Saved data entries:

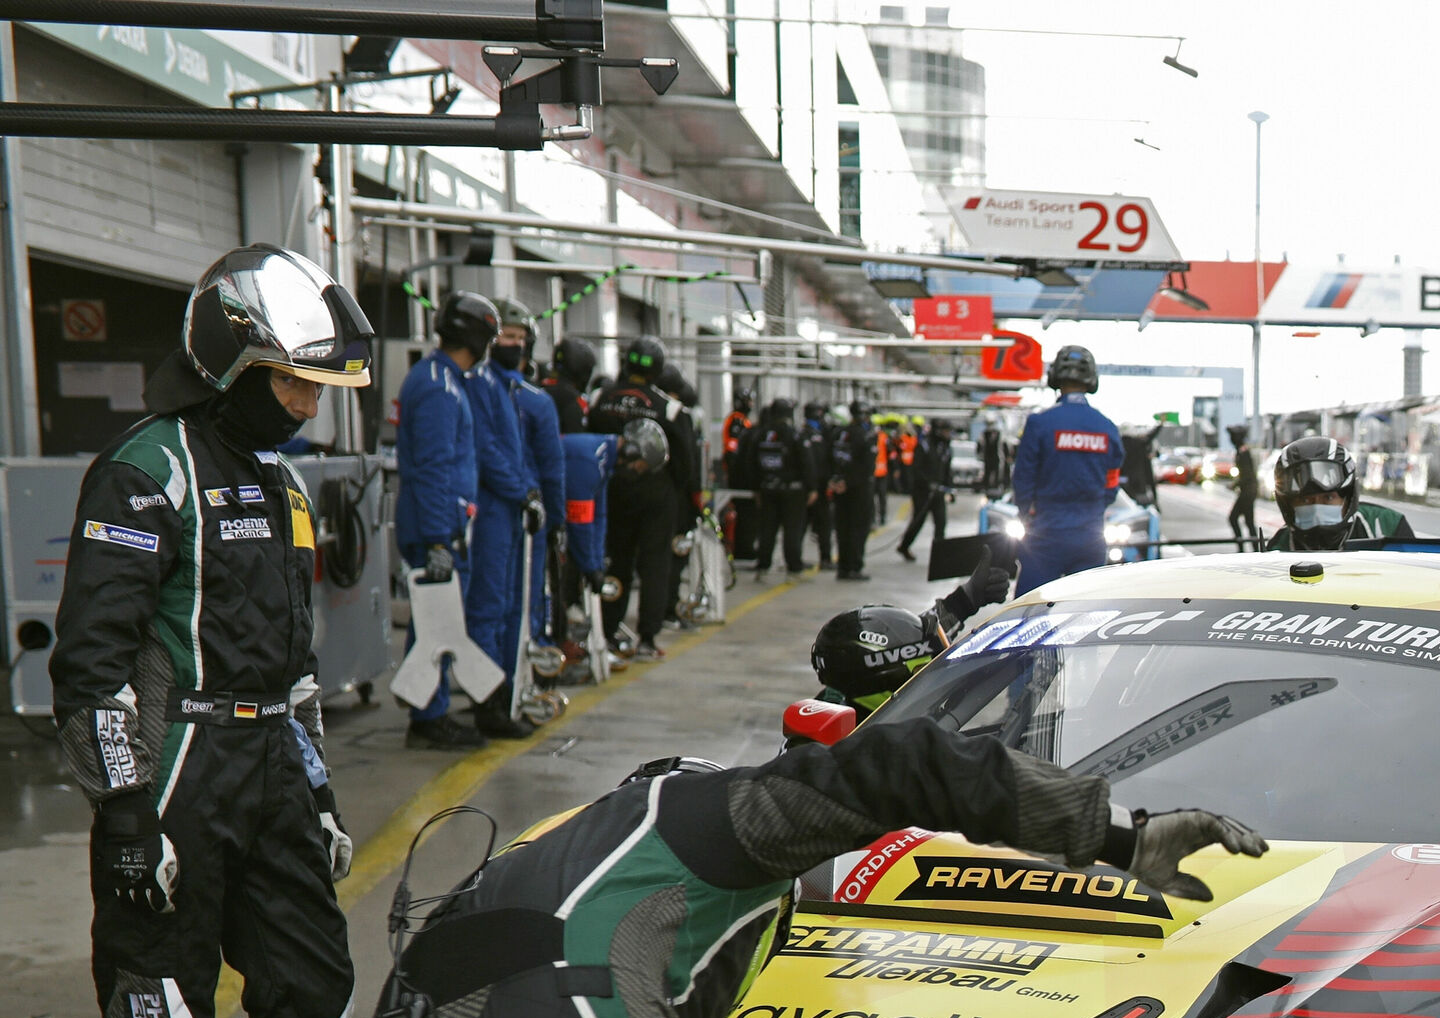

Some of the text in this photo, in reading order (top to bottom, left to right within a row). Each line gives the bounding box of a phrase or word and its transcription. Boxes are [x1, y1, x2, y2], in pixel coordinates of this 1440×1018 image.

[985, 198, 1074, 213] Audi Sport
[985, 214, 1073, 230] Team Land
[1077, 201, 1149, 253] 29
[1056, 433, 1107, 450] MOTUL
[219, 518, 269, 531] PHOENIX
[109, 530, 155, 547] MICHELIN
[1211, 610, 1348, 635] GRAN
[864, 641, 934, 668] uvex
[1207, 631, 1248, 641] THE
[1254, 633, 1305, 645] REAL
[1313, 637, 1397, 656] DRIVING
[110, 710, 138, 786] PHOENIX
[925, 866, 1151, 902] RAVENOL
[825, 958, 1080, 1005] Tiefbau GmbH

Exercise goal: Would you print all of the entries exactly, omitting any image?

Solved exercise:
Some of the text in this photo, in reading order (top to bottom, left to right within a row). Each line gives the bounding box of a phrase or word and its transcription. Boxes are [x1, y1, x2, y2], in pixel coordinates of this 1440×1018 image.

[985, 198, 1074, 213] Audi Sport
[985, 214, 1073, 230] Team Land
[1077, 201, 1149, 253] 29
[1056, 433, 1107, 450] MOTUL
[219, 518, 269, 531] PHOENIX
[109, 530, 155, 547] MICHELIN
[1211, 610, 1348, 635] GRAN
[864, 641, 934, 668] uvex
[1207, 631, 1248, 641] THE
[1254, 633, 1305, 645] REAL
[1313, 637, 1397, 656] DRIVING
[110, 710, 138, 786] PHOENIX
[925, 866, 1151, 902] RAVENOL
[825, 958, 1080, 1005] Tiefbau GmbH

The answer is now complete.